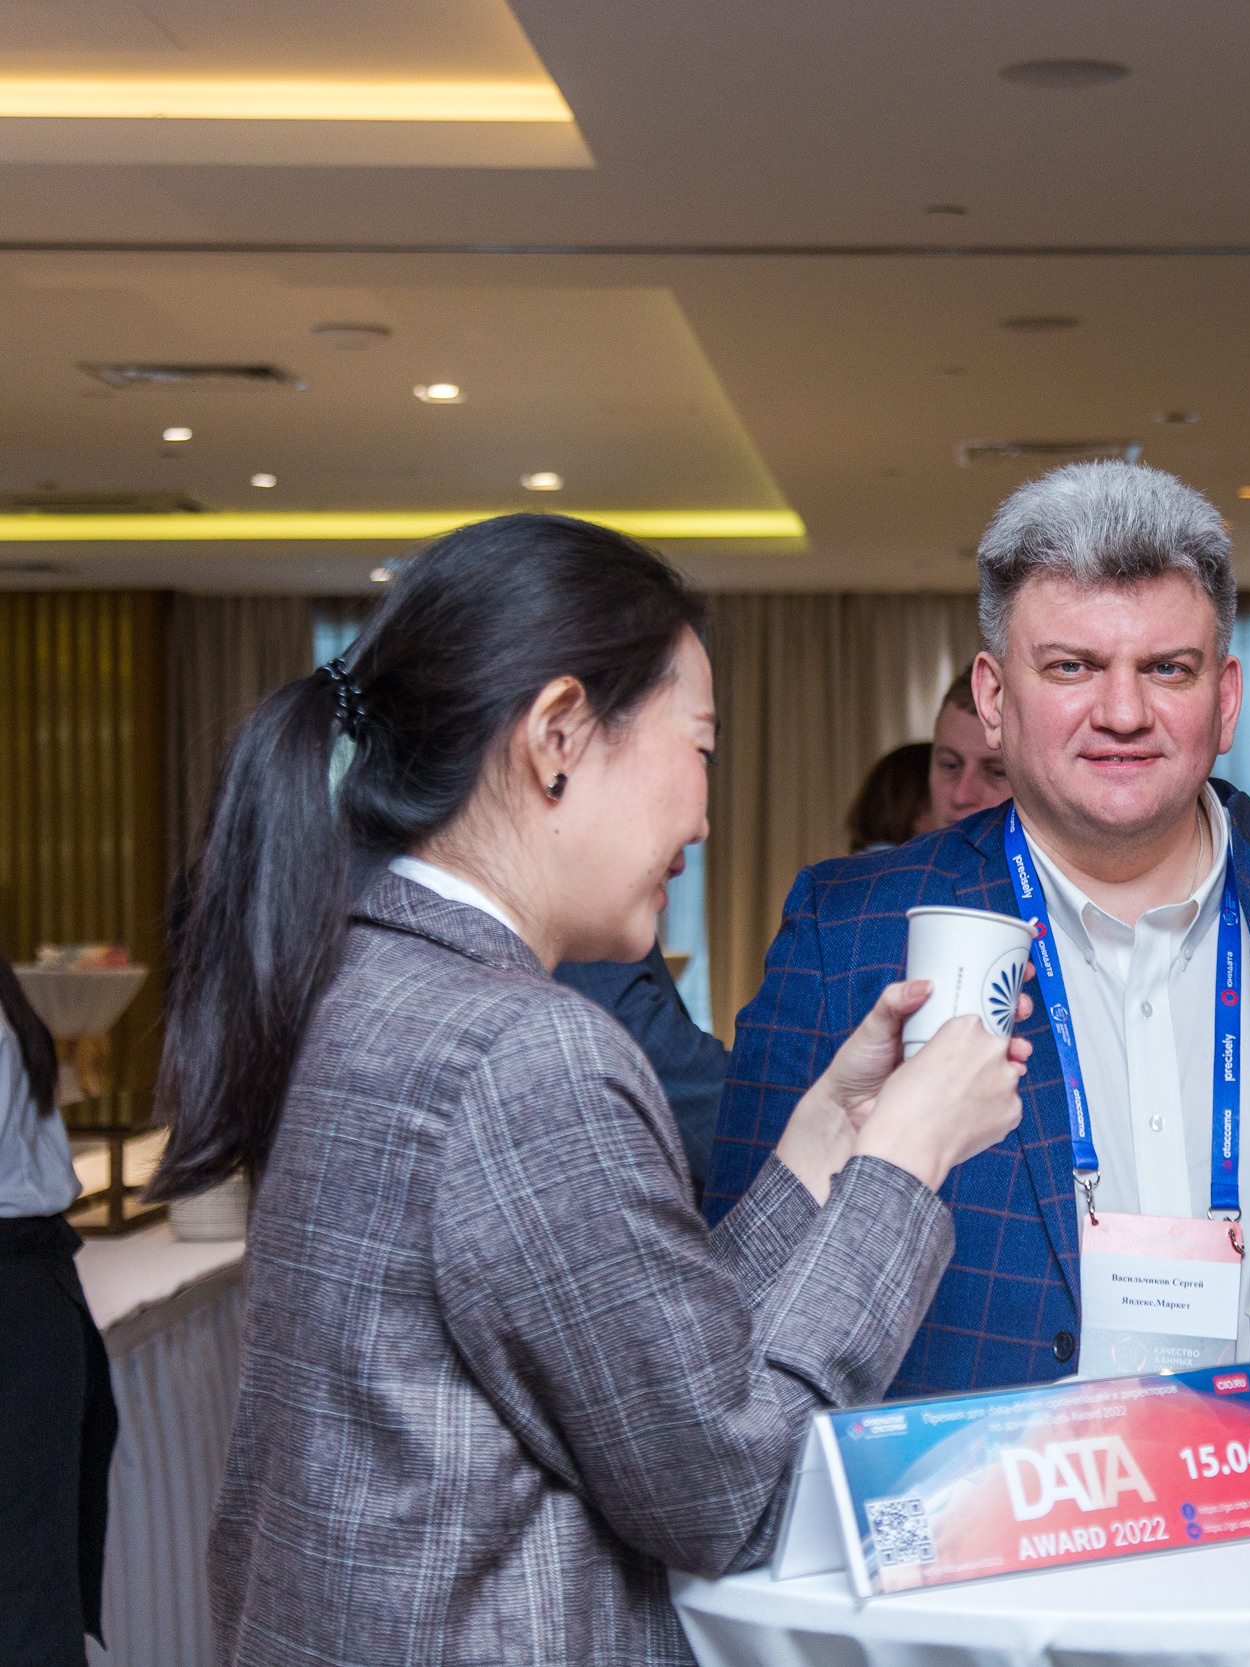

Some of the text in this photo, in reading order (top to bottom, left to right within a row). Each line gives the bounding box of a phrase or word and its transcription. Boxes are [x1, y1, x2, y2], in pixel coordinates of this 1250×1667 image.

[1012, 854, 1034, 899] precisely
[1222, 1033, 1236, 1082] precisely
[1073, 1089, 1085, 1138] ataccama
[1222, 1109, 1232, 1158] ataccama
[1111, 1273, 1204, 1289] Васильчиков Сергей
[1121, 1296, 1191, 1310] Яндекс.Маркет
[1153, 1345, 1200, 1359] КАЧЕСТВО
[1153, 1356, 1194, 1367] ДАННЫХ
[1217, 1378, 1246, 1391] CIO.RU
[1121, 1385, 1178, 1402] директоров
[1103, 1405, 1128, 1418] 2022
[1001, 1435, 1157, 1522] DATA
[1018, 1517, 1170, 1562] AWARD 2022
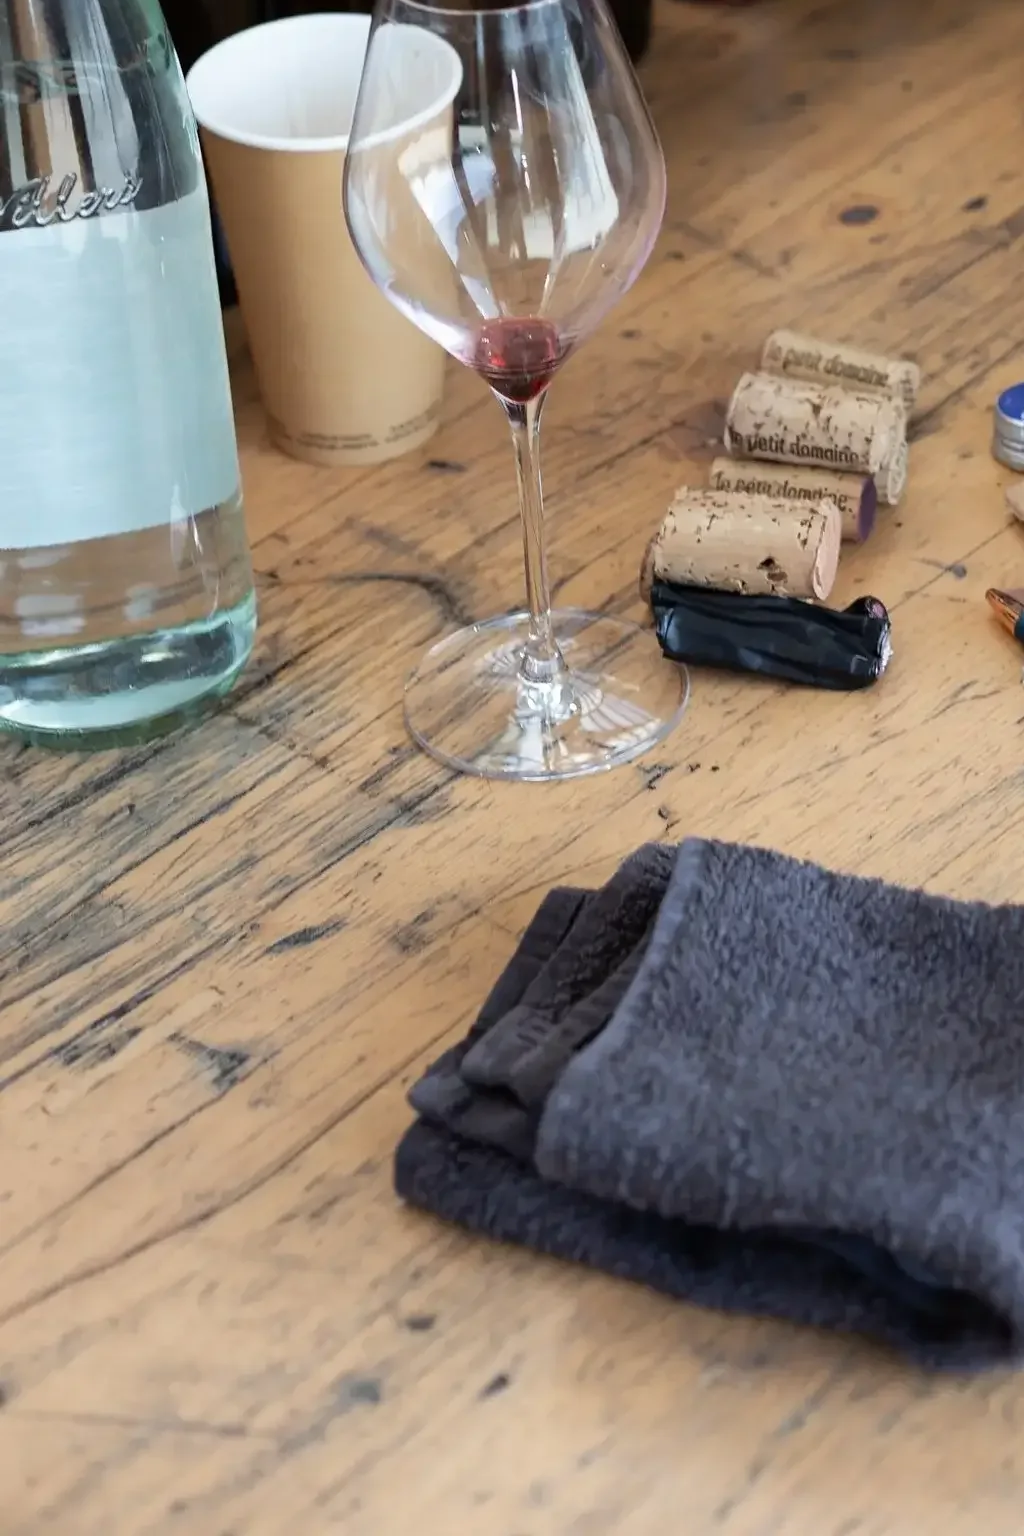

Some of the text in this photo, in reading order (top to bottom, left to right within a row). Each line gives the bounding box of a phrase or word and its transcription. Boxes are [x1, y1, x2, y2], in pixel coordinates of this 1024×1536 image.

[783, 348, 822, 372] petit
[823, 354, 890, 388] domaine
[747, 432, 786, 456] petit
[789, 434, 861, 464] domaine
[735, 478, 773, 497] petit

> _AIM OF THE EXERCISE_: Print the records exactly and omit all pictures.

> _REPLY TO THE TASK_:
Some of the text in this photo, in reading order (top to bottom, left to right within a row). Each line gives the bounding box of a phrase or word and its transcription. Boxes are [x1, y1, x2, y2], in pixel coordinates of this 1250×1667 image.

[1012, 854, 1034, 899] precisely
[1222, 1033, 1236, 1082] precisely
[1073, 1089, 1085, 1138] ataccama
[1222, 1109, 1232, 1158] ataccama
[1111, 1273, 1204, 1289] Васильчиков Сергей
[1121, 1296, 1191, 1310] Яндекс.Маркет
[1153, 1345, 1200, 1359] КАЧЕСТВО
[1153, 1356, 1194, 1367] ДАННЫХ
[1217, 1378, 1246, 1391] CIO.RU
[1121, 1385, 1178, 1402] директоров
[1103, 1405, 1128, 1418] 2022
[1001, 1435, 1157, 1522] DATA
[1018, 1517, 1170, 1562] AWARD 2022

Some of the text in this photo, in reading order (top to bottom, left to right within a row). Each line gives the bounding box of a phrase or word and its transcription. Boxes are [x1, y1, x2, y2], in pixel coordinates of this 1024×1536 image.

[783, 348, 822, 372] petit
[823, 354, 890, 388] domaine
[747, 432, 786, 456] petit
[789, 434, 861, 464] domaine
[735, 478, 773, 497] petit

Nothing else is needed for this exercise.